Bases: BaseEstimator, RegressorMixin

Wrapper Class for Earth Regressor in R. For more Details see https://cran.r-project.org/web/packages/earth/earth.pdf.

Parameters:

Name	Type	Description	Default
`degree`	`int`	Degree of the splines. 1 for linear, 2 for quadratic, etc. (Default value = 1)	`1`
`nprune`	`int \| None`	Number of pruning steps. If None, the number of pruning steps is determined by the algorithm. (Default value = None)	`None`
`nk`	`int \| None`	Number of knots. If None, the number of knots is determined by the algorithm. The default is semi-automatically calculated from the number of predictors but may need adjusting. (Default value = None)	`None`
`thresh`	`float`	Forward stepping threshold. (Default value = 0.001)	`0.001`
`minspan`	`int`	Minimum number of observations between knots. (Default value = 0)	`0`
`endspan`	`int`	Minimum number of observations before the first and after the final knot. (Default value = 0)	`0`
`newvar_penalty`	`float`	(Default value = 0.0)	`0.0`
`fast_k`	`int`	Maximum number of parent terms considered at each step of the forward pass. (Default value = 20)	`20`
`fast_beta`	`float`	Fast MARS ageing coefficient, as described in the Fast MARS paper section 3.1. Default is 1. A value of 0 sometimes gives better results. (Default value = 1.0)	`1.0`
`pmethod`	`str`	Pruning method. One of: backward none exhaustive forward seqrep cv. Default is "backward". Specify pmethod="cv" to use cross-validation to select the number of terms. This selects the number of terms that gives the maximum mean out-of-fold RSq on the fold models. Requires the nfold argument. Use "none" to retain all the terms created by the forward pass. If y has multiple columns, then only "backward" or "none" is allowed. Pruning can take a while if "exhaustive" is chosen and the model is big (more than about 30 terms). The current version of the leaps package used during pruning does not allow user interrupts (i.e., you have to kill your R session to interrupt; in Windows use the Task Manager or from the command line use taskkill). (Default value = "backward")	`'backward'`

Source code in flexcv_earth/models.py

class EarthRegressor(BaseEstimator, RegressorMixin):
    """Wrapper Class for Earth Regressor in R.
    For more Details see https://cran.r-project.org/web/packages/earth/earth.pdf.

    Args:
        degree (int): Degree of the splines. 1 for linear, 2 for quadratic, etc. (Default value = 1)
        nprune (int | None): Number of pruning steps.
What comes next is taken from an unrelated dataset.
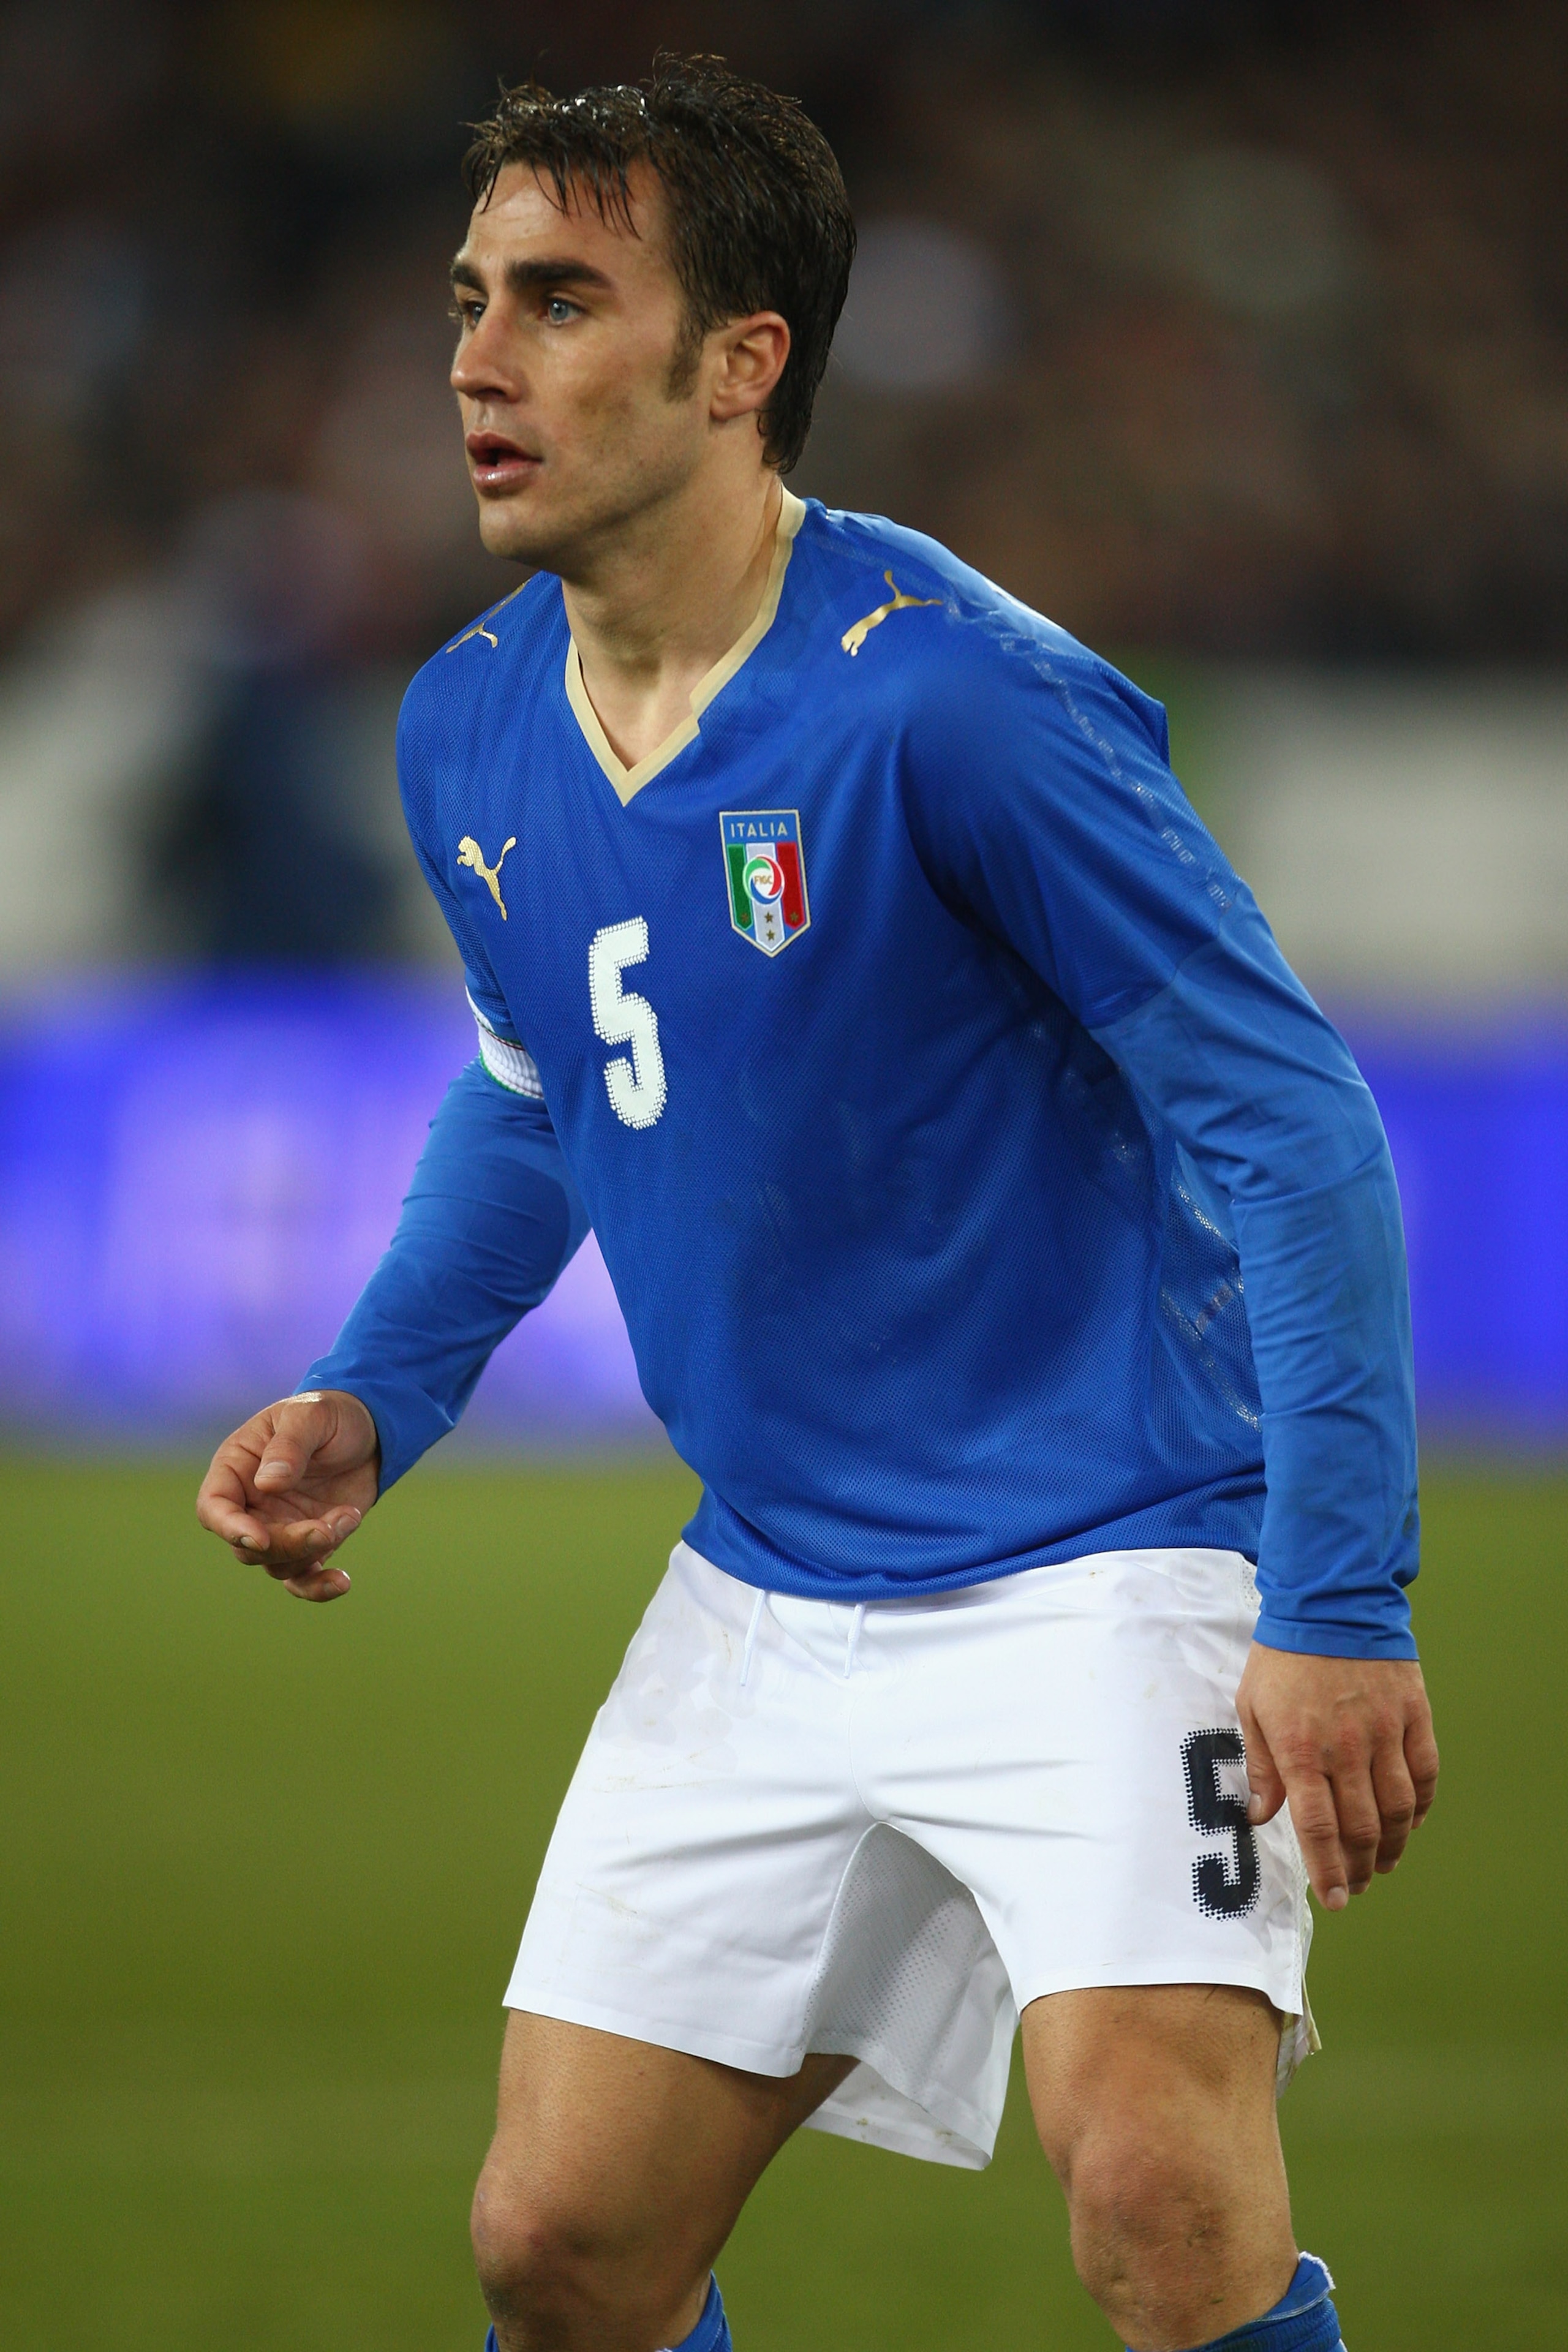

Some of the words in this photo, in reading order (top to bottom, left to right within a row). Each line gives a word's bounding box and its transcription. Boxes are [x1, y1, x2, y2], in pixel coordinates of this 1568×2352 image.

If None, the number of pruning steps is determined by the algorithm. (Default value = None)
        nk (int | None): Number of knots. If None, the number of knots is determined by the algorithm. The default is semi-automatically calculated from the number of predictors but may need adjusting. (Default value = None)
        thresh (float): Forward stepping threshold. (Default value = 0.001)
        minspan (int): Minimum number of observations between knots. (Default value = 0)
        endspan (int): Minimum number of observations before the first and after the final knot. (Default value = 0)
        newvar_penalty (float): (Default value = 0.0)
        fast_k (int): Maximum number of parent terms considered at each step of the forward pass. (Default value = 20)
        fast_beta (float): Fast MARS ageing coefficient, as described in the Fast MARS paper section 3.1. Default is 1. A value of 0 sometimes gives better results. (Default value = 1.0)
        pmethod (str): Pruning method. One of: backward none exhaustive forward seqrep cv. Default is "backward". Specify pmethod="cv" to use cross-validation to select the number of terms. This selects the number of terms that gives the maximum mean out-of-fold RSq on the fold models. Requires the nfold argument. Use "none" to retain all the terms created by the forward pass. If y has multiple columns, then only "backward" or "none" is allowed. Pruning can take a while if "exhaustive" is chosen and the model is big (more than about 30 terms). The current version of the leaps package used during pruning does not allow user interrupts (i.e., you have to kill your R session to interrupt; in Windows use the Task Manager or from the command line use taskkill). (Default value = "backward")

    """

    def __init__(
        self,
        degree: int = 1,
        nprune: int = None,
        nk: int = None,
        thresh: float = 0.001,
        minspan: int = 0,
        endspan: int = 0,
        newvar_penalty: float = 0.0,
        fast_k: int = 20,
        fast_beta: float = 1.0,
        pmethod: str = "backward",
        random_state: int = None,
    ):
        self.degree = degree
        self.nprune = nprune
        self.nk = nk
        self.thresh = thresh
        self.minspan = minspan
        self.endspan = endspan
        self.newvar_penalty = newvar_penalty
        self.fast_k = fast_k
        self.fast_beta = fast_beta
        self.pmethod = pmethod
        self.random_state = random_state

    def fit(self, X, y):
        """Fit a EARTH model to the given training data.

        Args:
          X (array-like): Features.
          y (array-like): Target values.

        Returns:
           (object): Returns self.
        """
        if np.iscomplexobj(X) or np.iscomplexobj(y):
            raise ValueError("Complex data not supported")
        # ro.r('sink(nullfile())')
        if self.random_state is not None:
            ro.r(f"set.seed({self.random_state})")

        ro.r(
            """
            library(earth)
        """
        )
        numpy2ri.activate()
        pandas2ri.activate()

        assert (
            X.shape[0] == y.shape[0]
        ), "Number of X samples must match number of y samples."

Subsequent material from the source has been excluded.